ANCIENT AFRICAN SCHOLARS TRUE GARDEN OF EDEN (11)
A precious gift of the Rift Valley, called Khenthunnefer (“Garden of Eden”) by the earliest Africans, was located along the Nile River Valley. Plentiful food supply in all of its river basins and fresh lakes made it such a paradise during the Ice Age that it gave these Africans great leisure time from daily chores. Rock Art indicates they indulged their concept of Nature as being the home of God by devoting much time to its detailed study. This meant Primitive (the first) Africans necessarily cultivated their Foreknowledge—i.e. acquiring intuitively and instinctively an awareness of mosaic pieces of Principles related to the Laws of Nature. To deal with such hard to describe bits and pieces demanded the designing of concepts, symbols, or labels to stand for hazy isolated things in the real world and for the formation of thoughts and feelings about the things so named. While their foresight led them to deal with circumstances independent of them, theirForethought urged the careful planning for things more likely to be under their control. From such foresight came the word “Visionary”–an important Intuitive/Imaginative Faculty skill for visualizing the path and steps through which achievements occur. This is because Vision–the art of being aware of invisible essences others are unable to see—led them to see the infinite in the finite and thereby fashion Options of how to best handle problems. Such handling was by establishing connections of Cause to the Effects and then devising Solutions to fashion the Effects.
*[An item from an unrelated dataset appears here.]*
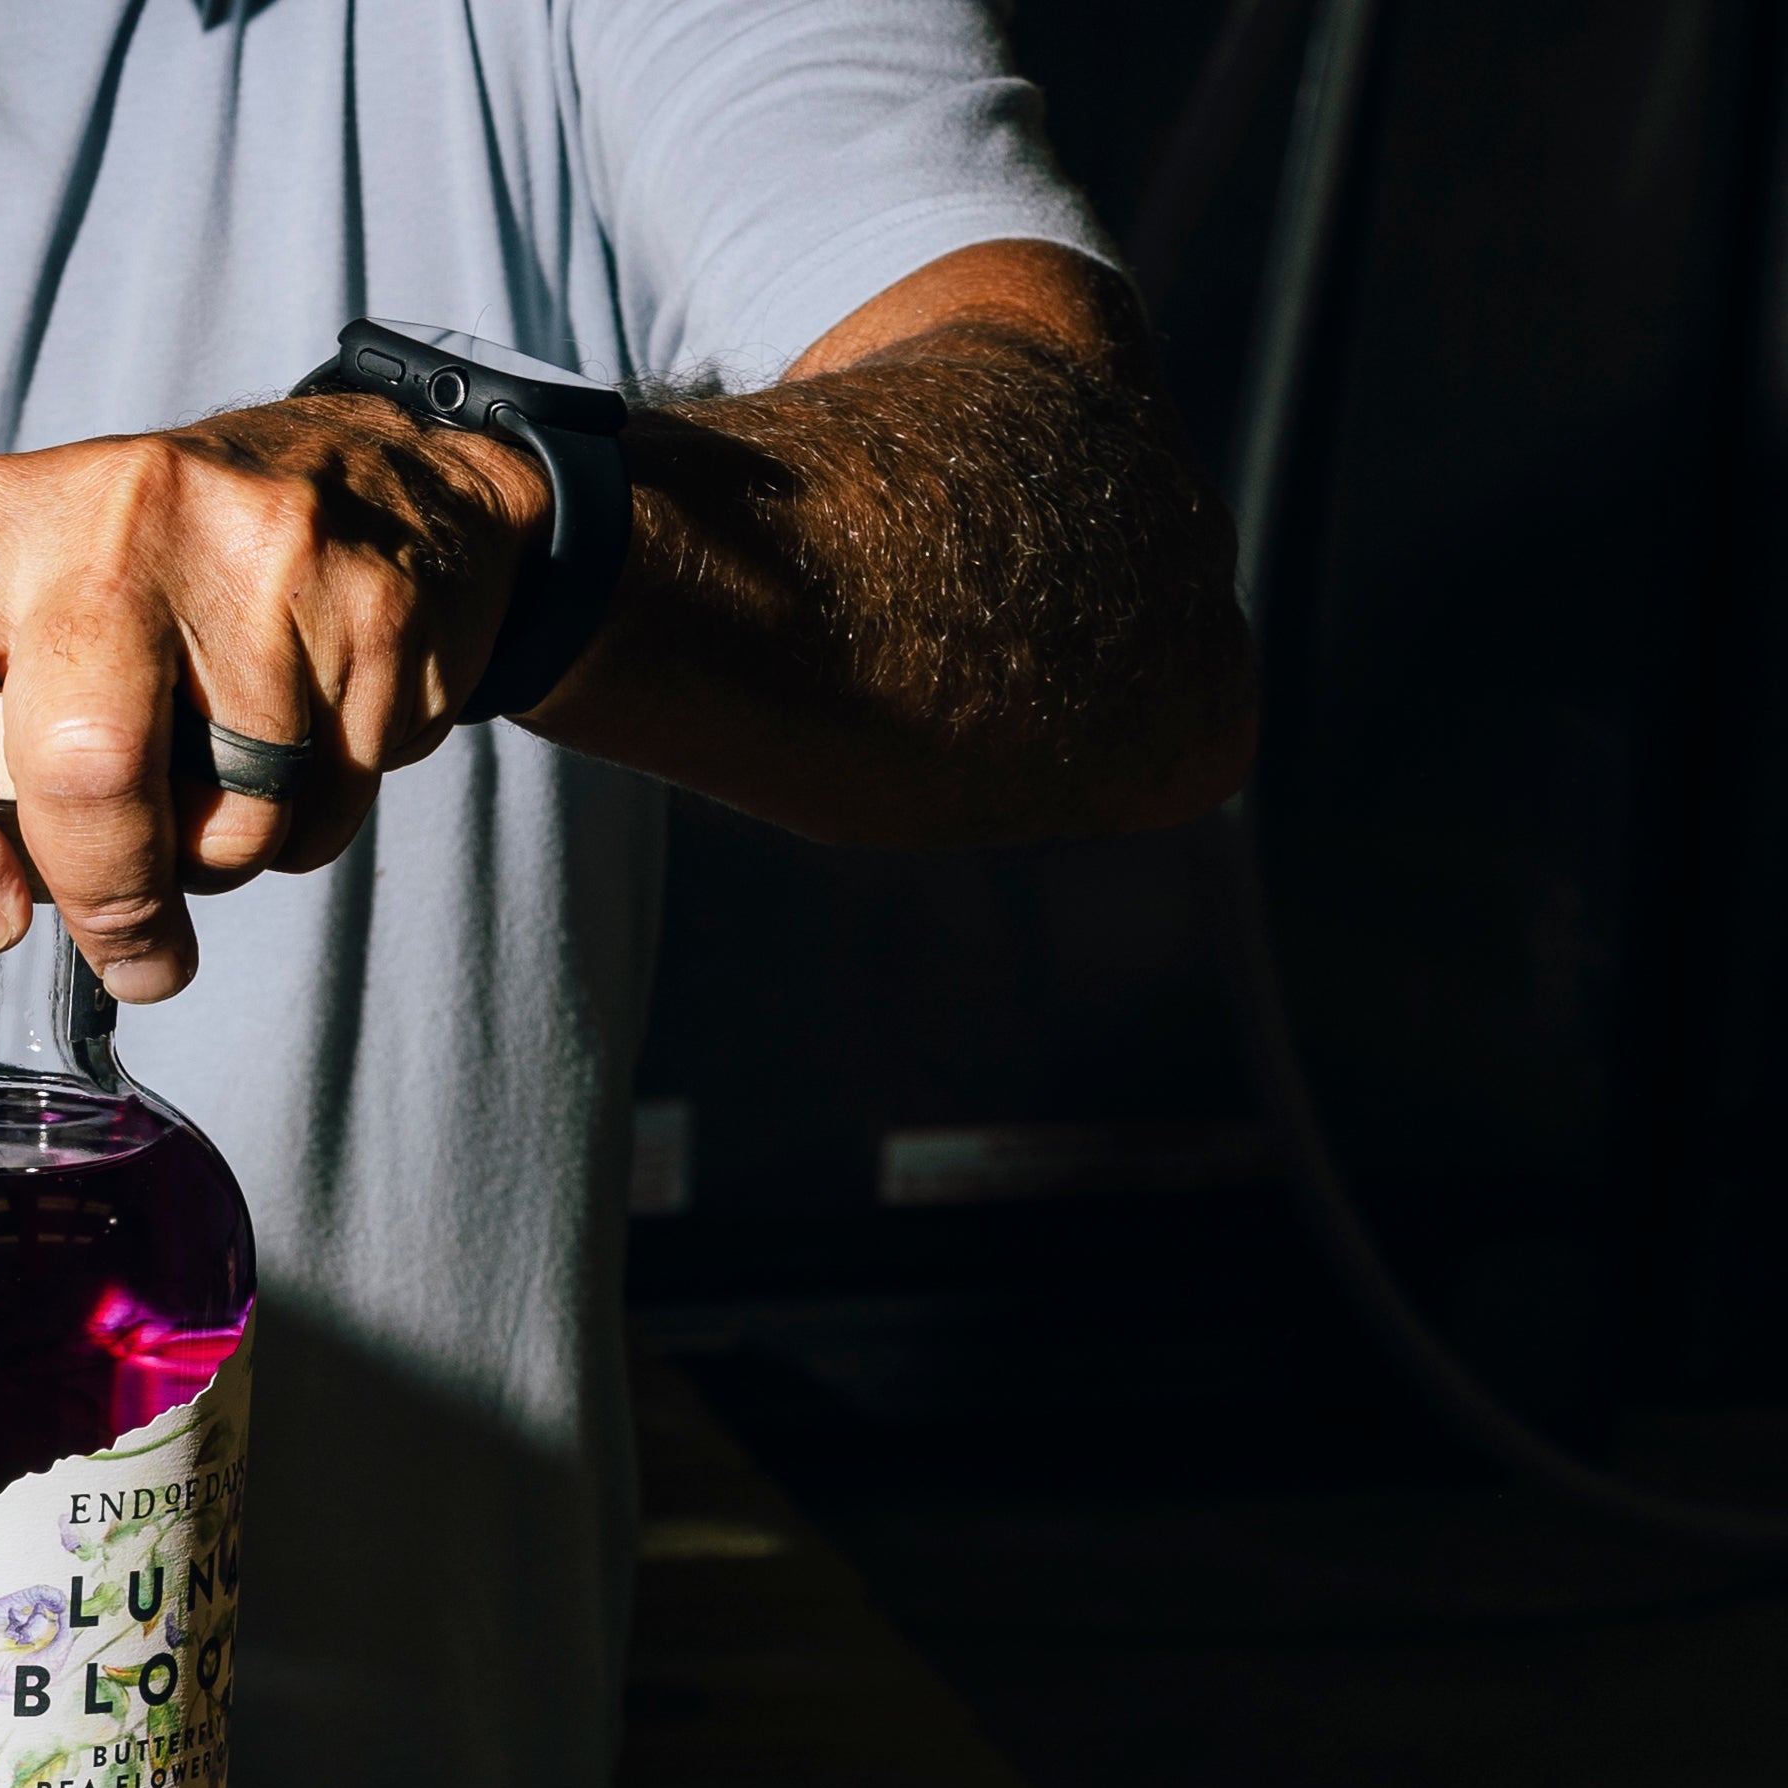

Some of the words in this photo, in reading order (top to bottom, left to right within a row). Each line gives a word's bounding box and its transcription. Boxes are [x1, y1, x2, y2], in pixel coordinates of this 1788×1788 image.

[69, 1487, 156, 1524] END
[164, 1478, 200, 1513] OF
[69, 1540, 238, 1628] LUNA
[13, 1636, 233, 1717] BLOO
In short, they were able to mentally walk through likely unrealized happenings to see beforehand possible obstacles, errors, flaws, requirements, desirable resources, and any contributing factors associated with the undertaking. How they built a Visionary foundation was derived out of acquiring knowledge of the Laws of Nature. That remains applicable to this day. Also, Geography continued to play a major role in Primitive Africans being able to pursue cherished things not biologically necessary for survival (e.g. exploring the world of the Unseen). These combined to lay out patterns of using Leisure to have plenty of focused time to seek Esoteric Knowledge. Those most focused were called Scholars and ofMild, Slight, Moderate, and Intense (Extreme) types. Eventually, African Extreme “Scholar” embraced: (1) Real Self people with (2) Selfhood Greatness + (3) an addiction to Learning + (4) driven to pursue their Mission + (5) who derive pleasure from striving for self-improvement perfection. These Scholars used inner vision into their own Souls’ Divine Consciousness as the key to improving their higher order Thoughts. For Scholars of lesser intensity, upon entering into a Scholarship lifestyle, they had to decide how much to balance scholarship with practical experience; to what degree they would acquire information be pursued–and whether to use it for self-improvement or as ornaments. Yet, all Ancient African Scholars shared in common the awareness: (a) that each was a Selfhood Great master who drew on what was within in order for Selfhood mastery; (b) of mental strength demanding aloneness and quietness in Nature so as to become “One” with its Harmonizing Rhythms; (c) for creating a Selfhood life where a “vacation” could be had simply by residing in ones own Inner World; (d) of needing skill to really, really focus on seeing things as they are; and (e) everything and everybody being ones teacher, for any event has in it a lesson for what to do or not to do. These early African Scholars’ duties included gathering information in order to form options which allowed them to select pertinent research subjects; or penetrate beyond the surface of things so as to extract knowledge amidst attractive distracting appearances. As students of the world, these Scholars never cherished a love of luxury since that concerns Desire, not Truth.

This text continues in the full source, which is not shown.